Keith Kube for Legislature

Editorial #34 The Nebraska Unicameral January 3, 2019

Editorial # 34 The Unicameral vs Bicameral legislature January 3, 2019

Just in case you haven’t notice, over the past 50 years, the economy of our great state has evolved from a largely agrarian based business model to a manufacturing, retail, finance based model.

As with everything, the only thing that is constant in life is change.  The gradual change in our farm based economy is not happening by accident.  It is happening out of a need for farmers and ranchers to survive in the world economy, doing what they must to remain economically viable and survive.

I have often been asked why we can’t have things like they were when we were growing up.  I loved the farm and the life we had living off the land with the independence and freedom to manage our own destiny.  But as I mentioned, the only constant in life is change and those days are gone.  Farming is a business and we cannot become too attached to the romantic notions of farming as those past traditions are no longer sustainable as a business model.  A business that does not make money is, by definition, known as a hobby.

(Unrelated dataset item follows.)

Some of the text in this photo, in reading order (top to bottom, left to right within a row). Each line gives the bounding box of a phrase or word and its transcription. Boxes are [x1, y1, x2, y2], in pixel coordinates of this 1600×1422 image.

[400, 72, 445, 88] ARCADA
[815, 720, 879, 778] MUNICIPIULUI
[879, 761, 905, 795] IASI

Today, the life on the farm is nothing like it was even 30 years ago.  With the technological advancements, environmental regulations, the size of the equipment and the tax programs, it is far removed from the times when we only took a bath on Saturday whether we needed it or not.

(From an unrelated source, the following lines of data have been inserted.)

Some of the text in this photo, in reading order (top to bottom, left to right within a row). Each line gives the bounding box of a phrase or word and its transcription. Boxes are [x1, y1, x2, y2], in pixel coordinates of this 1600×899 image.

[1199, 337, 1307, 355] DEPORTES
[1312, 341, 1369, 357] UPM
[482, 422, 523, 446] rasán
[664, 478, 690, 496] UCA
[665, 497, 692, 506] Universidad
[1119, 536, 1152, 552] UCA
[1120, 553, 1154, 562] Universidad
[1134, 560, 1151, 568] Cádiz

These changes are inevitable and the day is fast approaching when we will need to review whether we should keep our unicameral legislature to manage our state’s great agricultural economy.  The unicameral worked very well when the state was largely homogenous with agriculture contributing over 95% of the state’s economy.  Today the agricultural related markets contributes about 40% to the state’s economy while occupying over 90% of its land, but represented by only 20% of the unicameral.

The property tax disaster and our poor rural infrastructure of roads and bridges is a direct result of this imbalance and a classic example of “Taxation without Representation” which, by the way, caused the Revolutionary War.

No one wants a civil war, but the unfairness of the property tax situation is a direct result of this gross imbalance of equal representation in our legislature.  The urban majority seems to like it this way and there is little incentive to change it.  But that does not make it right.

Our unicameral is based on population, like our National House of Representatives.  The rural land owners have practically no representation with the present system of a unicameral having 80% of the legislature representing only 10% of the state’s land area.

A second house of 50 members for our state of 77,000 square miles would have each district be about 40 miles square in area.  The chamber is already available in the capitol building and the cost compared to preventing the impending disaster of our agricultural based economy, if not addressed, would be a small price to pay for fairness to be restored to the single most important part of our state’s economy.

This is Keith Kube wishing you the best in making Nebraska and our country a better place.